Chronic pain describes pain that lasts more than three to six months, or beyond the point of tissue healing. Chronic pain is usually less directly related to identifiable tissue damage and structural problems. Chronic back pain without a clearly determined cause, failed back surgery syndrome (continued pain after the surgery has completely healed), and fibromyalgia are all examples of chronic pain. Chronic pain is much less well understood than acute pain.

Chronic pain can take many forms, but is often described as a pain with an identifiable cause, such as an injury.
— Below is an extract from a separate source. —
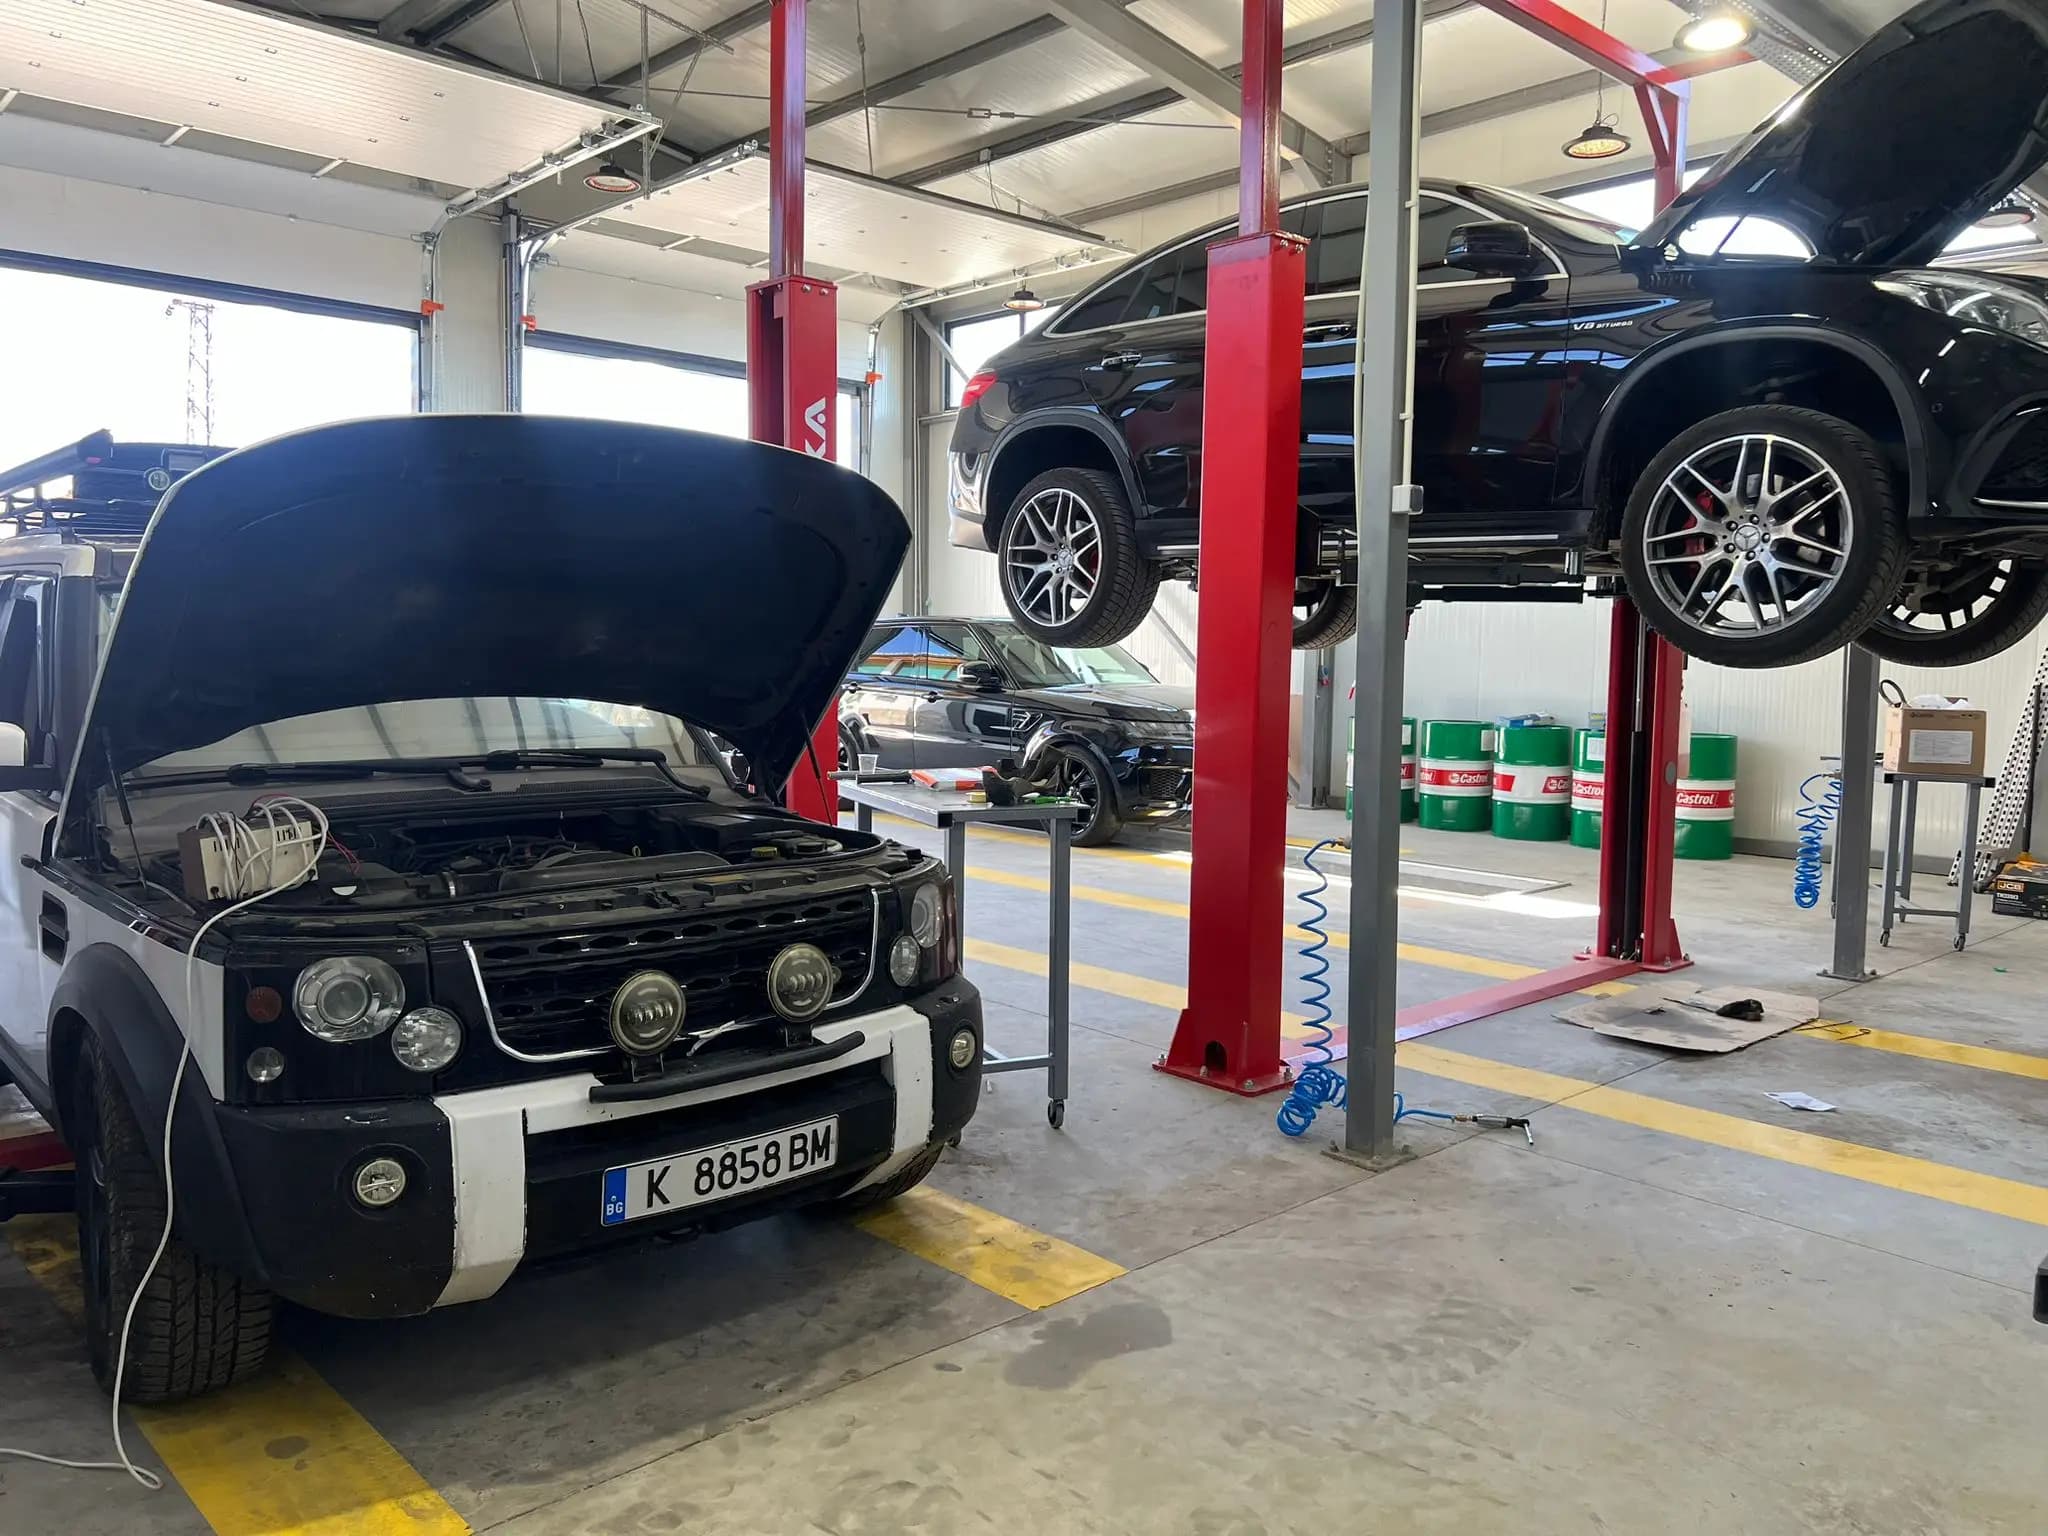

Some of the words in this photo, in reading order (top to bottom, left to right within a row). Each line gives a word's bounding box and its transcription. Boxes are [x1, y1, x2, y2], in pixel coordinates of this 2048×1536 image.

Certain structural spine conditions, including degenerative disc disease, spinal stenosis, and spondylolisthesis, can cause ongoing pain until they are successfully treated.

3. Neuropathic Pain

Neuropathic pain could be placed in the chronic pain category, but it has a different feel than chronic musculoskeletal pain. The pain is often described as severe, sharp, lightning-like, stabbing, burning, or cold. The individual may also experience ongoing numbness, tingling, or weakness. Pain may be felt along the nerve path from the spine down to the arms/hands or legs/feet.

It is thought that the pain is caused by damage or disease affecting the somatosensory nervous system. Neuropathic pain may be associated with abnormal sensations called dysesthesia or pain from normally non-painful stimuli (allodynia). It may have continuous and/or episodic (paroxysmal) components.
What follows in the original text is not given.